*EXERCISE AIM*. Pictures stay out of the answer, but every line of the material must be restated exactly.

*DATA*.
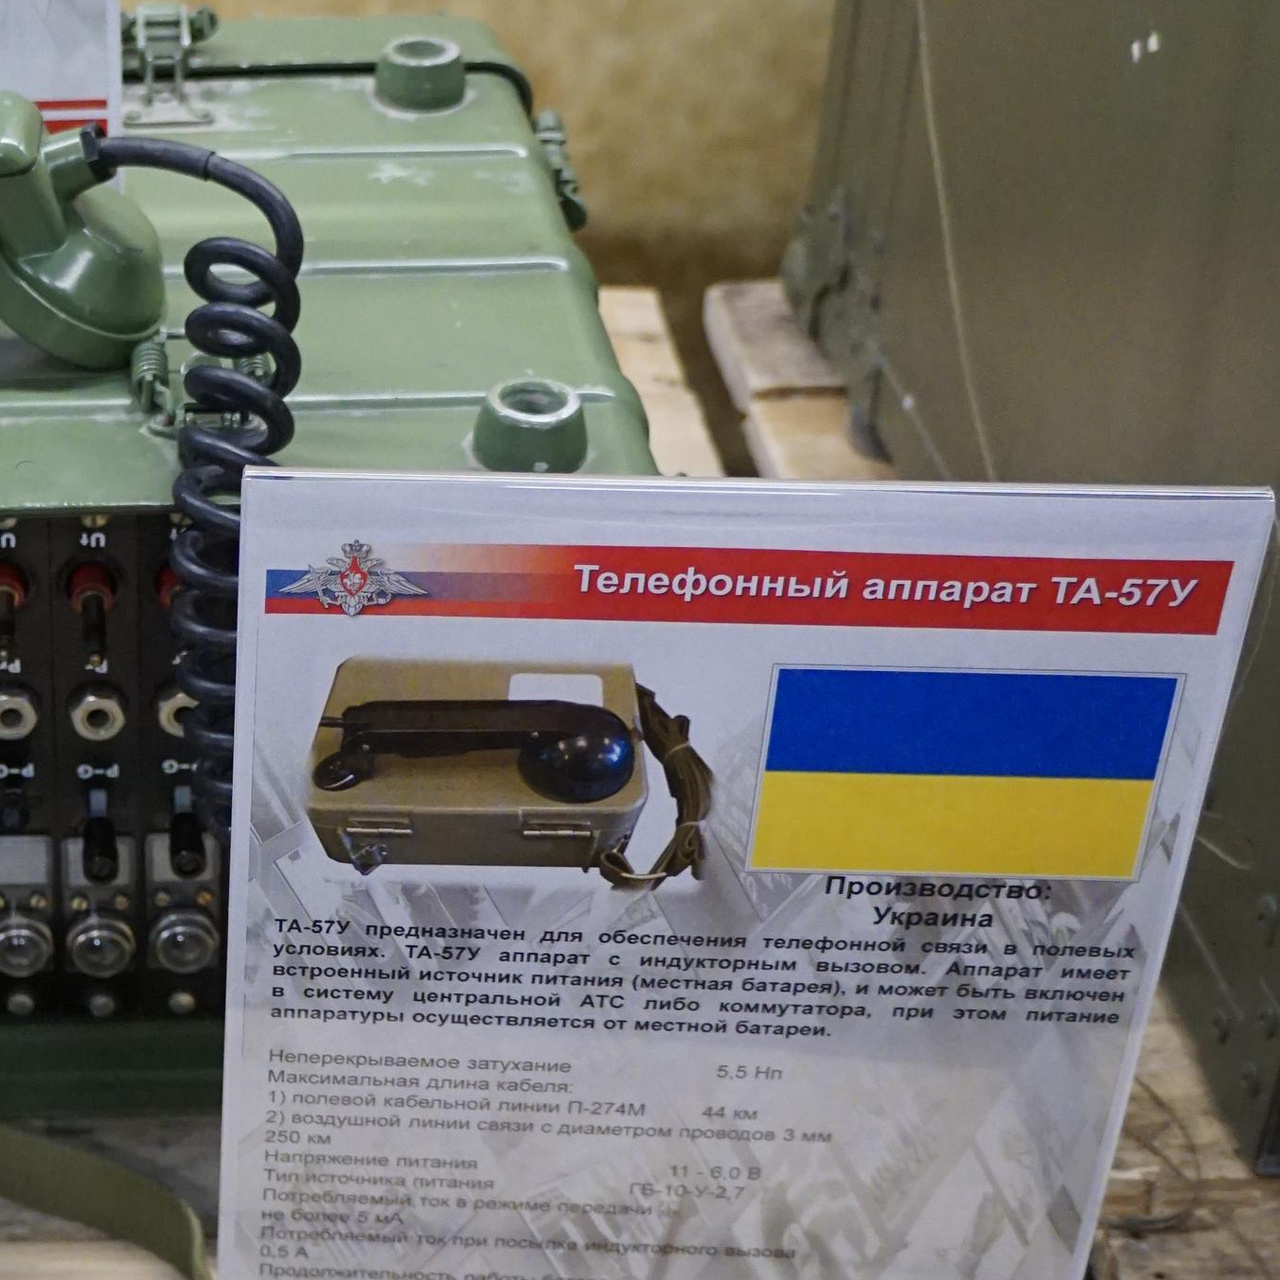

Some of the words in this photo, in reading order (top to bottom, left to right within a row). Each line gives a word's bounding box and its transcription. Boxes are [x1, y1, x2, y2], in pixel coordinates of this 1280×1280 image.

[573, 564, 849, 599] Телефонный
[862, 577, 1038, 604] аппарат
[1052, 576, 1198, 607] ТА-57У
[824, 875, 1053, 902] Производство:
[872, 906, 995, 931] Украина
[274, 914, 351, 935] ТА-57У
[365, 921, 526, 940] предназначен
[539, 927, 583, 944] для
[598, 925, 747, 947] обеспечения
[762, 932, 906, 954] телефонной
[920, 939, 989, 955] связи
[1003, 941, 1019, 956] в
[1032, 942, 1136, 959] полевых
[273, 941, 385, 959] условиях.
[405, 941, 481, 961] ТА-57У
[499, 948, 590, 968] аппарат
[608, 951, 621, 966] с
[639, 952, 797, 974] индукторным
[816, 958, 925, 975] вызовом.
[945, 958, 1043, 982] Аппарат
[1061, 965, 1130, 981] имеет
[272, 963, 411, 983] встроенный
[419, 968, 523, 985] источник
[531, 971, 624, 988] питания
[631, 970, 733, 993] (местная
[741, 974, 846, 998] батарея),
[855, 981, 870, 995] и
[877, 982, 949, 998] может
[956, 980, 1016, 1000] быть
[1024, 986, 1125, 1003] включен
[271, 984, 285, 999] в
[303, 985, 394, 1006] систему
[413, 989, 561, 1009] центральной
[580, 990, 625, 1009] АТС
[644, 993, 700, 1012] либо
[719, 999, 871, 1020] коммутатора,
[892, 1004, 934, 1023] при
[953, 1006, 1007, 1021] этом
[1026, 1008, 1120, 1025] питание
[270, 1007, 405, 1029] аппаратуры
[411, 1011, 596, 1031] осуществляется
[602, 1017, 628, 1031] от
[633, 1016, 728, 1034] местной
[735, 1017, 832, 1040] батареи.
[268, 1065, 420, 1088] Максимальная
[426, 1075, 490, 1091] длина
[496, 1075, 573, 1093] кабеля:
[269, 1046, 460, 1071] Неперекрываемое
[467, 1058, 572, 1077] затухание
[715, 1060, 749, 1080] 5,5
[754, 1062, 784, 1080] Нп
[269, 1087, 286, 1109] 1)
[292, 1090, 377, 1107] полевой
[383, 1091, 491, 1111] кабельной
[497, 1098, 560, 1113] линии
[567, 1096, 646, 1115] П-274М
[702, 1102, 725, 1119] 44
[733, 1106, 758, 1120] км
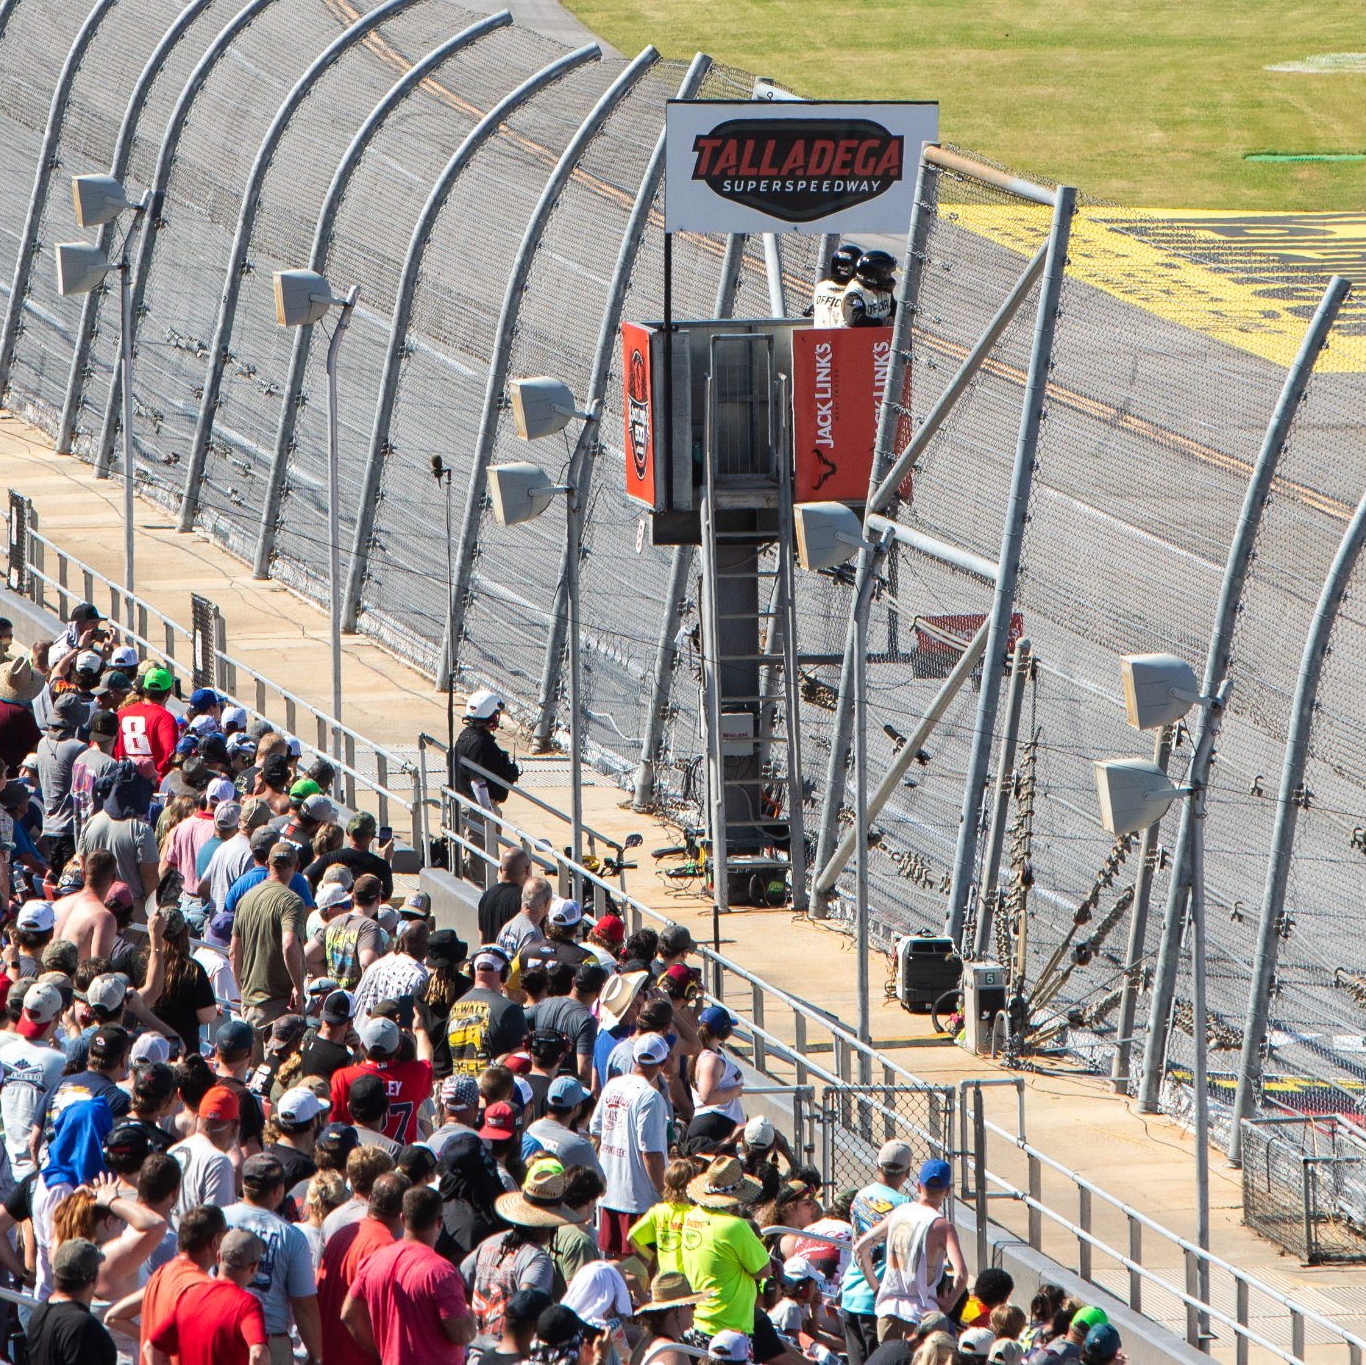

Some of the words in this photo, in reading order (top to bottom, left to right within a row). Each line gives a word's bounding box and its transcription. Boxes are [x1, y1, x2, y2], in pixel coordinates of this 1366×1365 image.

*RESPONSE TO THE TASK*.
Some of the words in this photo, in reading order (top to bottom, left to right within a row). Each line gives a word's bounding box and its transcription. Boxes are [x1, y1, x2, y2], in pixel coordinates of this 1280×1280 image.

[573, 564, 849, 599] Телефонный
[862, 577, 1038, 604] аппарат
[1052, 576, 1198, 607] ТА-57У
[824, 875, 1053, 902] Производство:
[872, 906, 995, 931] Украина
[274, 914, 351, 935] ТА-57У
[365, 921, 526, 940] предназначен
[539, 927, 583, 944] для
[598, 925, 747, 947] обеспечения
[762, 932, 906, 954] телефонной
[920, 939, 989, 955] связи
[1003, 941, 1019, 956] в
[1032, 942, 1136, 959] полевых
[273, 941, 385, 959] условиях.
[405, 941, 481, 961] ТА-57У
[499, 948, 590, 968] аппарат
[608, 951, 621, 966] с
[639, 952, 797, 974] индукторным
[816, 958, 925, 975] вызовом.
[945, 958, 1043, 982] Аппарат
[1061, 965, 1130, 981] имеет
[272, 963, 411, 983] встроенный
[419, 968, 523, 985] источник
[531, 971, 624, 988] питания
[631, 970, 733, 993] (местная
[741, 974, 846, 998] батарея),
[855, 981, 870, 995] и
[877, 982, 949, 998] может
[956, 980, 1016, 1000] быть
[1024, 986, 1125, 1003] включен
[271, 984, 285, 999] в
[303, 985, 394, 1006] систему
[413, 989, 561, 1009] центральной
[580, 990, 625, 1009] АТС
[644, 993, 700, 1012] либо
[719, 999, 871, 1020] коммутатора,
[892, 1004, 934, 1023] при
[953, 1006, 1007, 1021] этом
[1026, 1008, 1120, 1025] питание
[270, 1007, 405, 1029] аппаратуры
[411, 1011, 596, 1031] осуществляется
[602, 1017, 628, 1031] от
[633, 1016, 728, 1034] местной
[735, 1017, 832, 1040] батареи.
[268, 1065, 420, 1088] Максимальная
[426, 1075, 490, 1091] длина
[496, 1075, 573, 1093] кабеля:
[269, 1046, 460, 1071] Неперекрываемое
[467, 1058, 572, 1077] затухание
[715, 1060, 749, 1080] 5,5
[754, 1062, 784, 1080] Нп
[269, 1087, 286, 1109] 1)
[292, 1090, 377, 1107] полевой
[383, 1091, 491, 1111] кабельной
[497, 1098, 560, 1113] линии
[567, 1096, 646, 1115] П-274М
[702, 1102, 725, 1119] 44
[733, 1106, 758, 1120] км

Some of the words in this photo, in reading order (top to bottom, left to right within a row). Each line gives a word's bounding box and its transcription. Boxes are [x1, y1, x2, y2], in pixel coordinates of this 1366×1365 image.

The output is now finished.